Nesta vida não tenho muitas conquistas materiais, porém as histórias são diversas. Quem eu seria sem minhas histórias? Não seria eu.

domingo, 9 de março de 2008

Dois caras legais

Amsterdam, 27 de setembro de 2007

Em setembro eu completei 28 anos... foi um aniversário bem diferente daqueles tantos que passei em “casa”. Não teve aquela deliciosa reunião informal e espotânea de minha família, não teve bolo da minha mãe, não teve parabéns pra você. Fui comer com a Susanne num restaurante bem bacana e depois demos uma volta pela cidade. Foi diferente dos outros... mas muito gostoso e especial. Foi a primeira vez desde que nos conhecemos, que estivemos juntos no meu aniversário.
Setembro, além de me dar mais um ano, me deu a visita de um amigo. O Wally passou duas noites por aqui. Foi uma correria, visita rápida é assim... mas foi uma delícia. Está difícil escrever sobre setembro, mês que no Brasil é comemorado pelo fim do inverno, enquanto deste lado lamenta-se a aproximação dele... sempre coloco aqui coisas que me marcaram, muitas vezes falo de lugares, viagens, encontros... desta vez vou descrever duas pessoas...
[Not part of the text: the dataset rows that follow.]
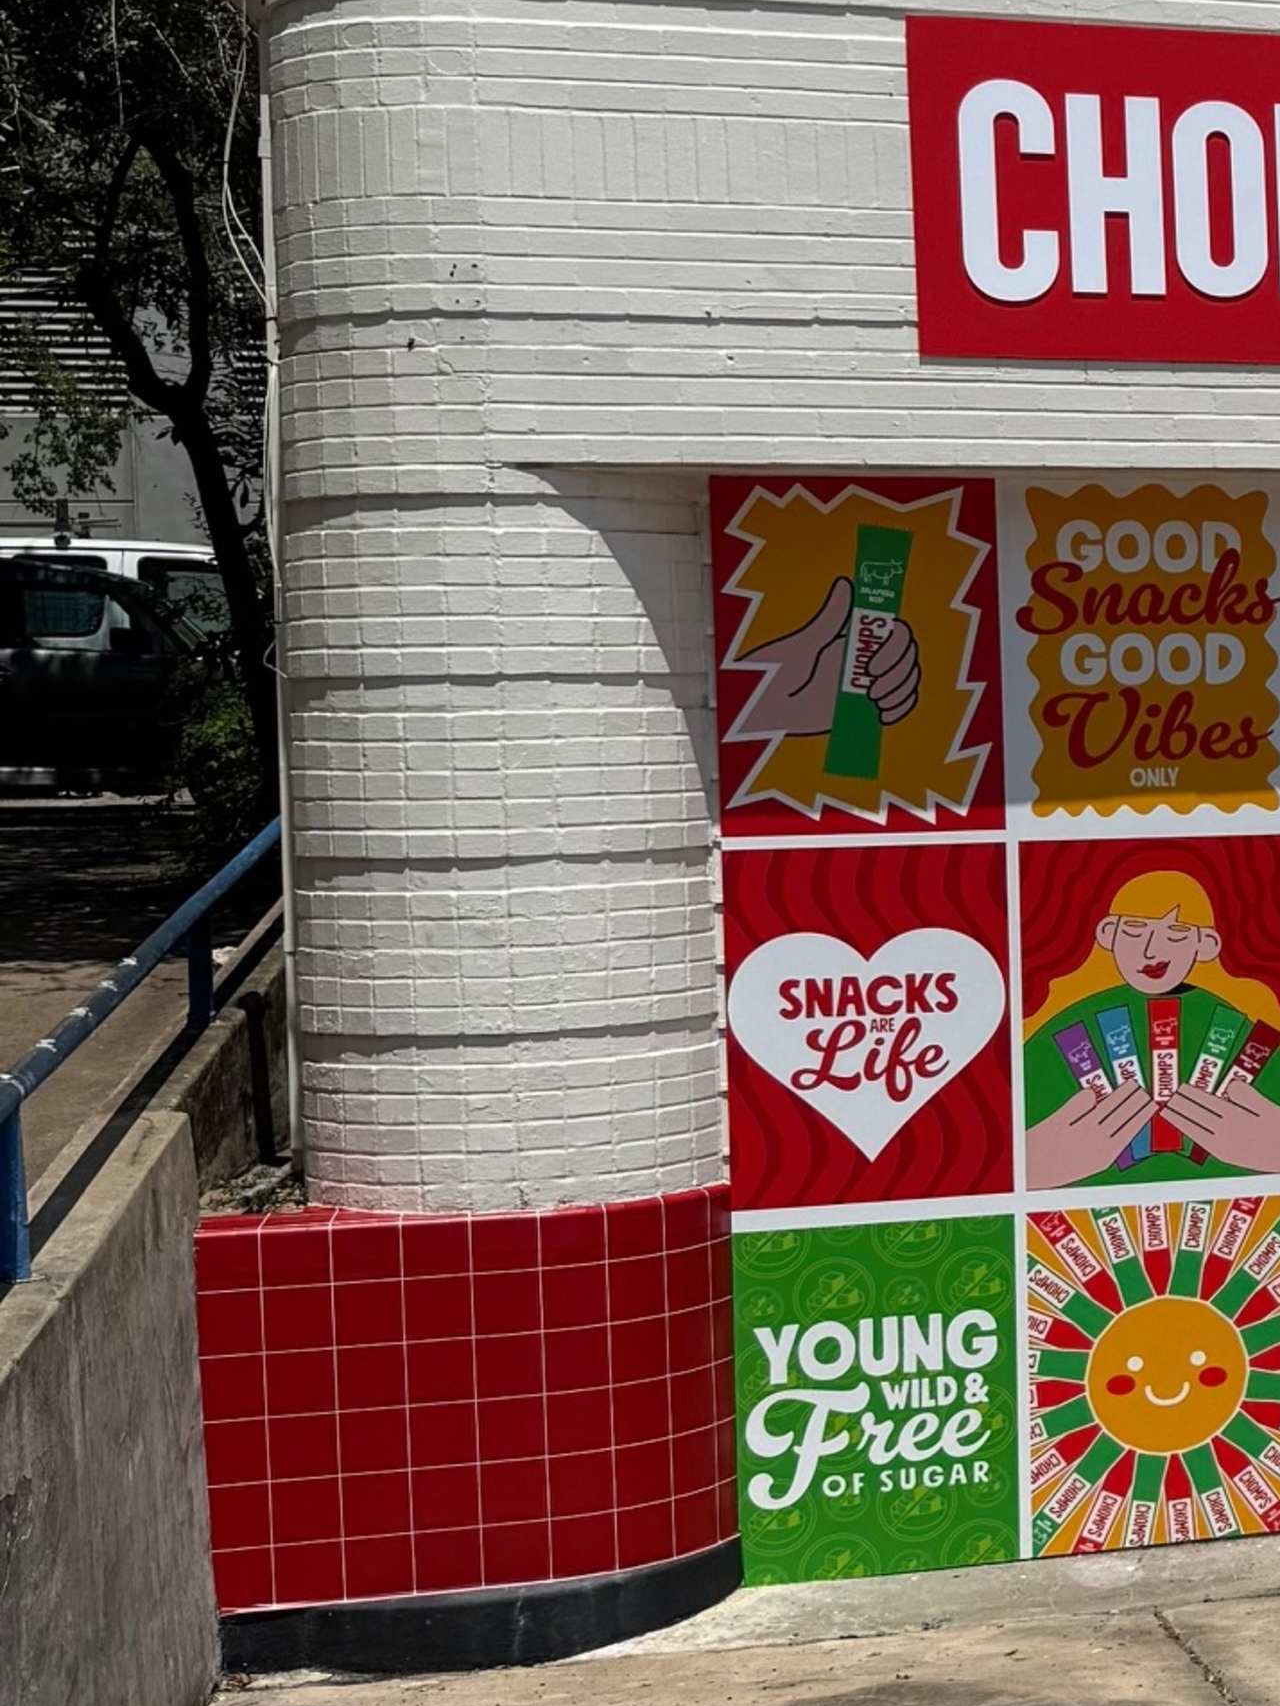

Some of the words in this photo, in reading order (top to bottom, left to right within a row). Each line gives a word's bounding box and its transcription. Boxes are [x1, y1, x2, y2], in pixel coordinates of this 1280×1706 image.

[1056, 520, 1242, 573] GOOD
[1060, 633, 1246, 686] GOOD
[1041, 686, 1274, 769] Vibes
[1130, 767, 1179, 789] ONLY
[778, 973, 959, 1020] SNACKS
[869, 1017, 895, 1034] ARE
[791, 1017, 950, 1103] Life
[1102, 1216, 1131, 1259] CHOMPS
[1185, 1205, 1207, 1249] CHOMPS
[1218, 1214, 1247, 1256] CHOMPS
[1061, 1237, 1097, 1277] CHOMPS
[1029, 1268, 1071, 1304] CHOMPS
[753, 1309, 999, 1385] YOUNG
[881, 1376, 958, 1411] WILD
[963, 1372, 989, 1404] &
[745, 1381, 992, 1510] Free
[822, 1472, 865, 1497] OF
[880, 1461, 992, 1493] SUGAR
[1051, 1477, 1086, 1518] CHOMPS
[1238, 1471, 1272, 1510] CHOMPS
[1088, 1495, 1118, 1538] CHOMPS
[1205, 1491, 1232, 1533] CHOMPS
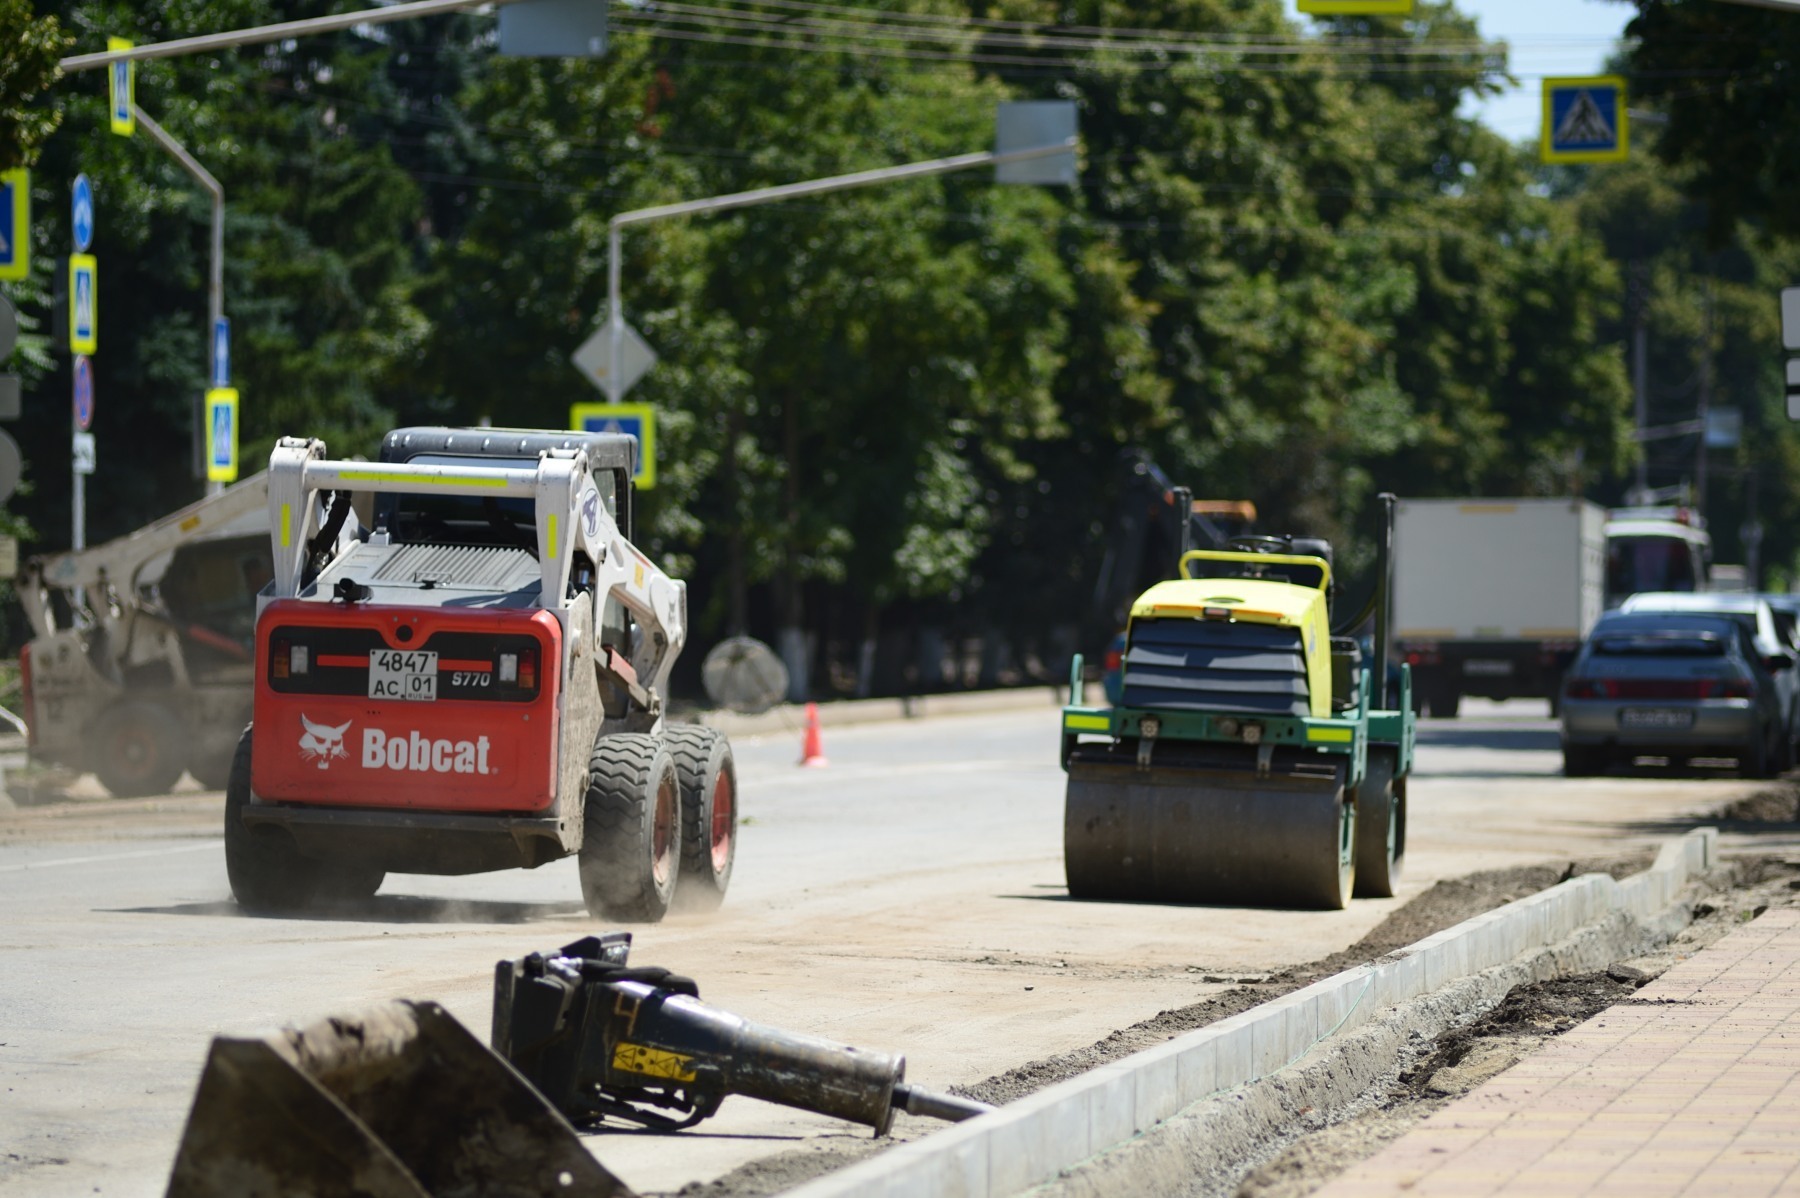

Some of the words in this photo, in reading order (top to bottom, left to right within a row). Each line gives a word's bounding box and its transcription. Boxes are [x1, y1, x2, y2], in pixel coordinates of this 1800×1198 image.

[378, 652, 430, 673] 4847
[412, 677, 432, 693] 01
[451, 671, 491, 687] S770
[361, 727, 490, 775] Bobcat
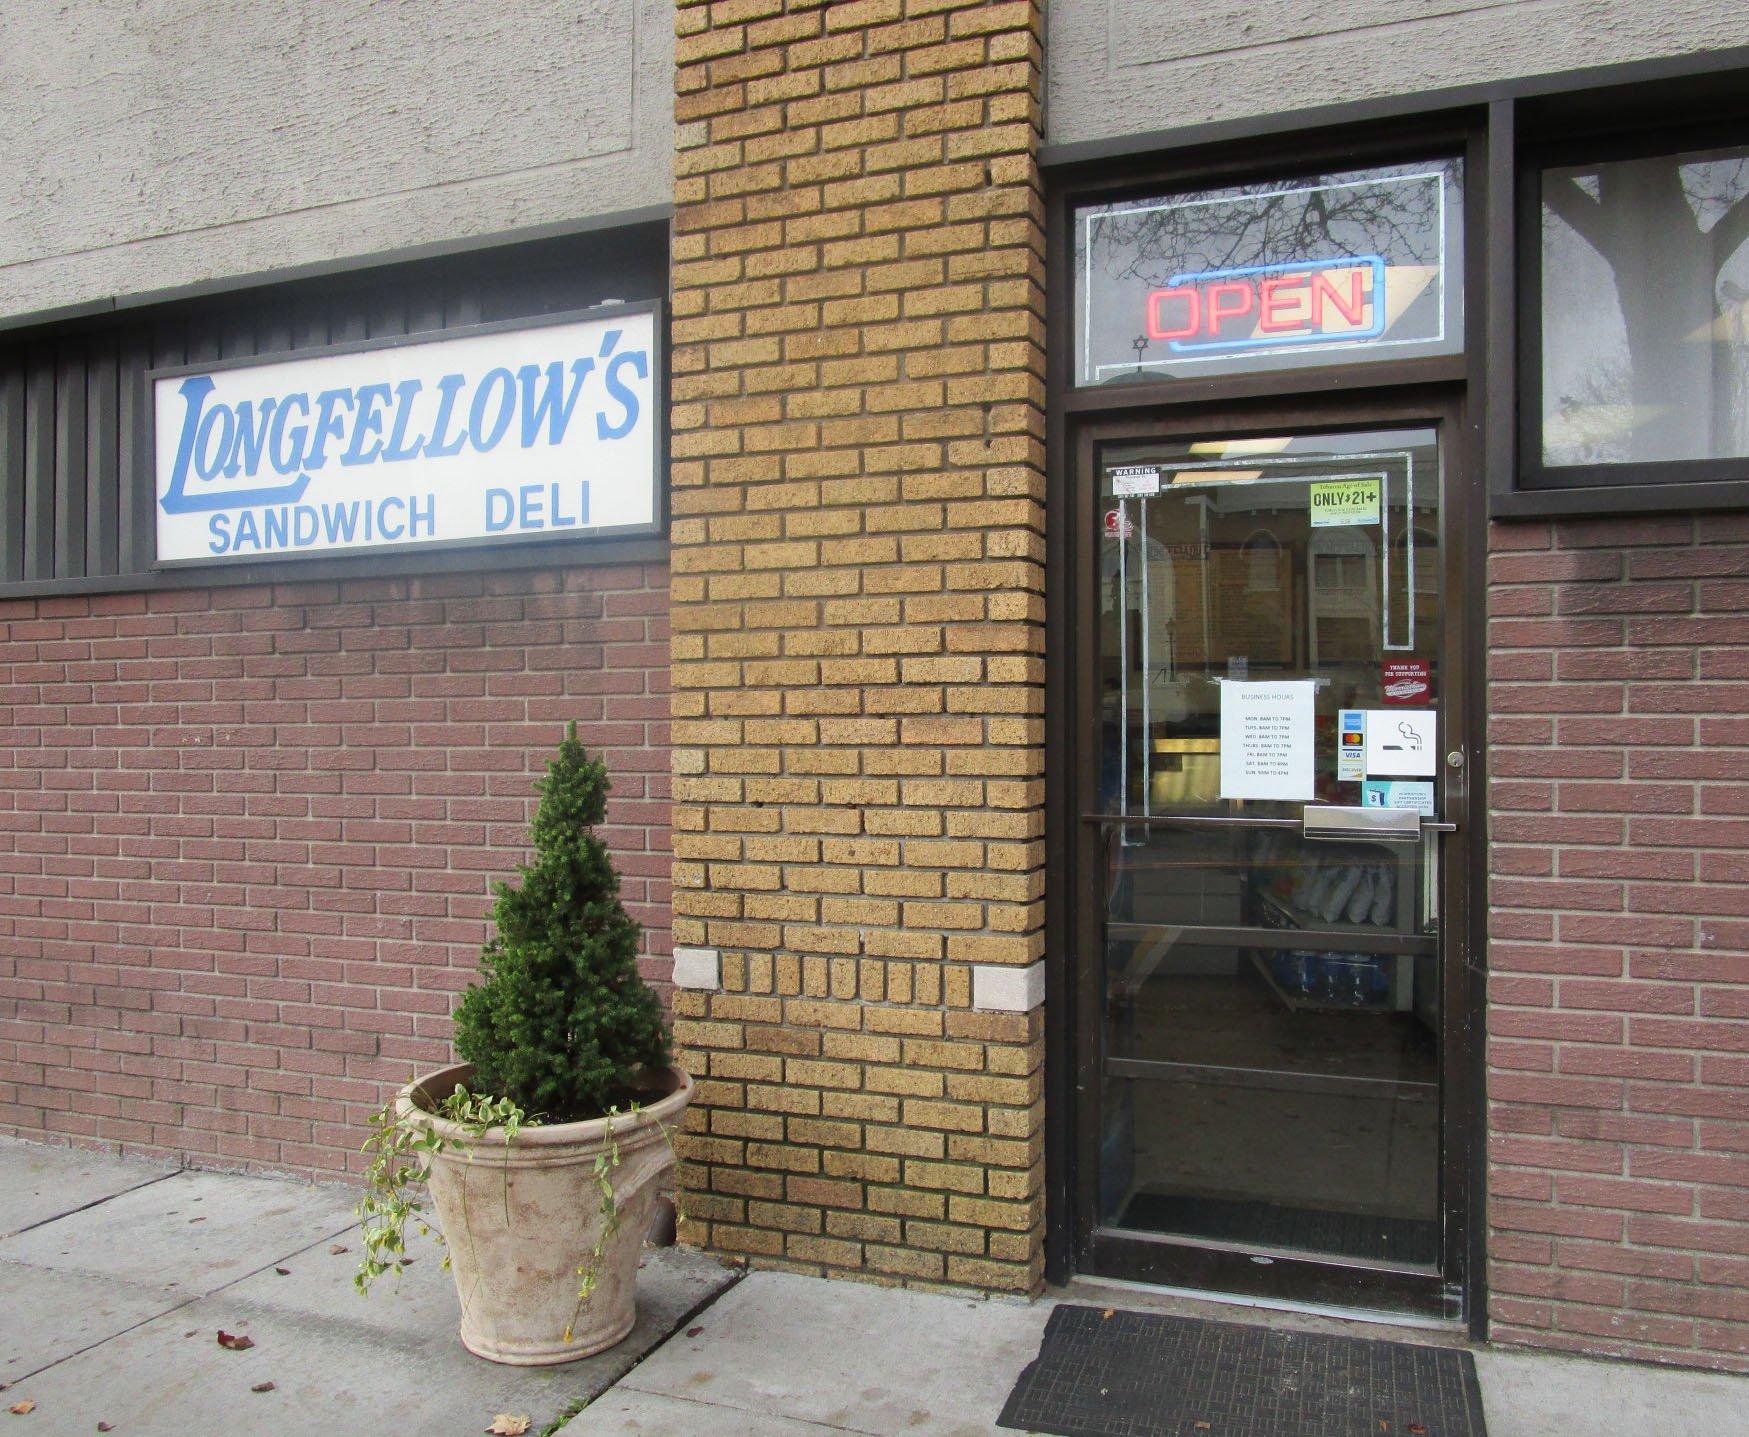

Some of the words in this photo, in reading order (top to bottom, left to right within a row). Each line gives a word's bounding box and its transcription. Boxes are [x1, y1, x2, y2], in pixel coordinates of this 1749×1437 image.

[1146, 271, 1364, 343] OPEN
[160, 329, 648, 515] LONGFELLOW'S
[1115, 467, 1157, 476] WARNING
[1313, 491, 1345, 507] ONLY
[1352, 490, 1377, 505] 21+
[208, 493, 436, 554] SANDWICH
[484, 480, 591, 533] DELI
O Santiago é um cara bacana. A primeira vez que eu o vi, eu estava chegando pra trabalhar... o cara estava furioso, ele davas chutes numa parede. Logo percebi que ele não falava holandês, a raiva provavelmente vinha por ele não conseguir se comunicar com ninguém. Só quem passa por isso sabe o tamanho da frustação de não compreender e de não ser compreendido.
A raiva dele era tanta que fiquei até receoso de me aproximar... um tempo depois eu cruzei com ele de novo. Eu ia entrar no prédio onde trabalho e atrás de mim vinha ele. Abri a porta e disse: “Tu primero!”.
Poxa, ele olhou pra mim e um sorriso apareceu naquela cara ainda meu frustada. Desenrolei meu velho portunhol e conversamos um pouco. Ele é latinoamericano como eu.
Outro dia nos encontramos de novo, ele já parecia mais feliz, percebi que já arranhava bastante bem o holandês. Como ele aprendeu rápido!
Eu me vi nele, me lembrei das primeiras vezes que compreendia as conversas, que conseguia ser mais claro nas coisas que dizia.
Quando nos vemos ele fica sempre um pouco mais alegre, e eu também. É bom ver alguém que passou pela mesma mudança que eu se adaptando a nova casa.
Na primeira vez que conversamos eu cheguei a perguntar se ele sentia falta de casa... a resposta foi de tamaha inteligência: “Agora... aqui é minha casa”. O Santiago tem 6 anos.

O Bas também é um cara bacana... Conheci ele ano passado quando passei a treinar numa clube de futebol aqui em Amsterdam. Alto, loiro, gosta de uma cerveja, viajou pelo mundo, deu um tempo na vida daqui e cuidou de um bar por alguns anos numa ilha do Caribe. Praticante de esportes de inverno e de verão é um típico holandês.
Num final de semana fomos pra um bar depois de um jogo. Na quarta o treino foi mais diferente do que qualquer outro. O Bas um dia antes estava fazendo Kitesurf. Uma corrente de vento inesperada durante um salto fez ele voar ainda mais. Ele se chocou contra um pier.
Enquanto nossa equipe treinava, um integrante dela estava numa cama de hospital em sua segunda noite de sua nova vida. Um vida sem movimentos do peito pra baixo.

As vezes a gente tem medo das mudanças... as vezes não temos paciência pra enfrentar as consequências de nossas decisões e por isso acabamos não aproveitando as coisas positivas que encontramos... as vezes, ou quase sempre, reclamamos de boca cheia.
O Santiago não queria vir pra cá, ele diz que a mãe dele também não gosta daqui, mas ele em seus 6 anos sabe que aqui é sua casa e que mesmo as vezes tendo crises de raiva ele tem feito de tudo pra se adaptar.
O Bas queria continuar a jogar futebol e a fazer kitesurf. Ele não escolheu sua vida nova... mas quando o médico responsável pela sua revalidação perguntou onde ele queria chegar ele disse: ”Onde eu quero chegar eu não sei... eu quero é poder conquistar um pouquinho a cada dia”.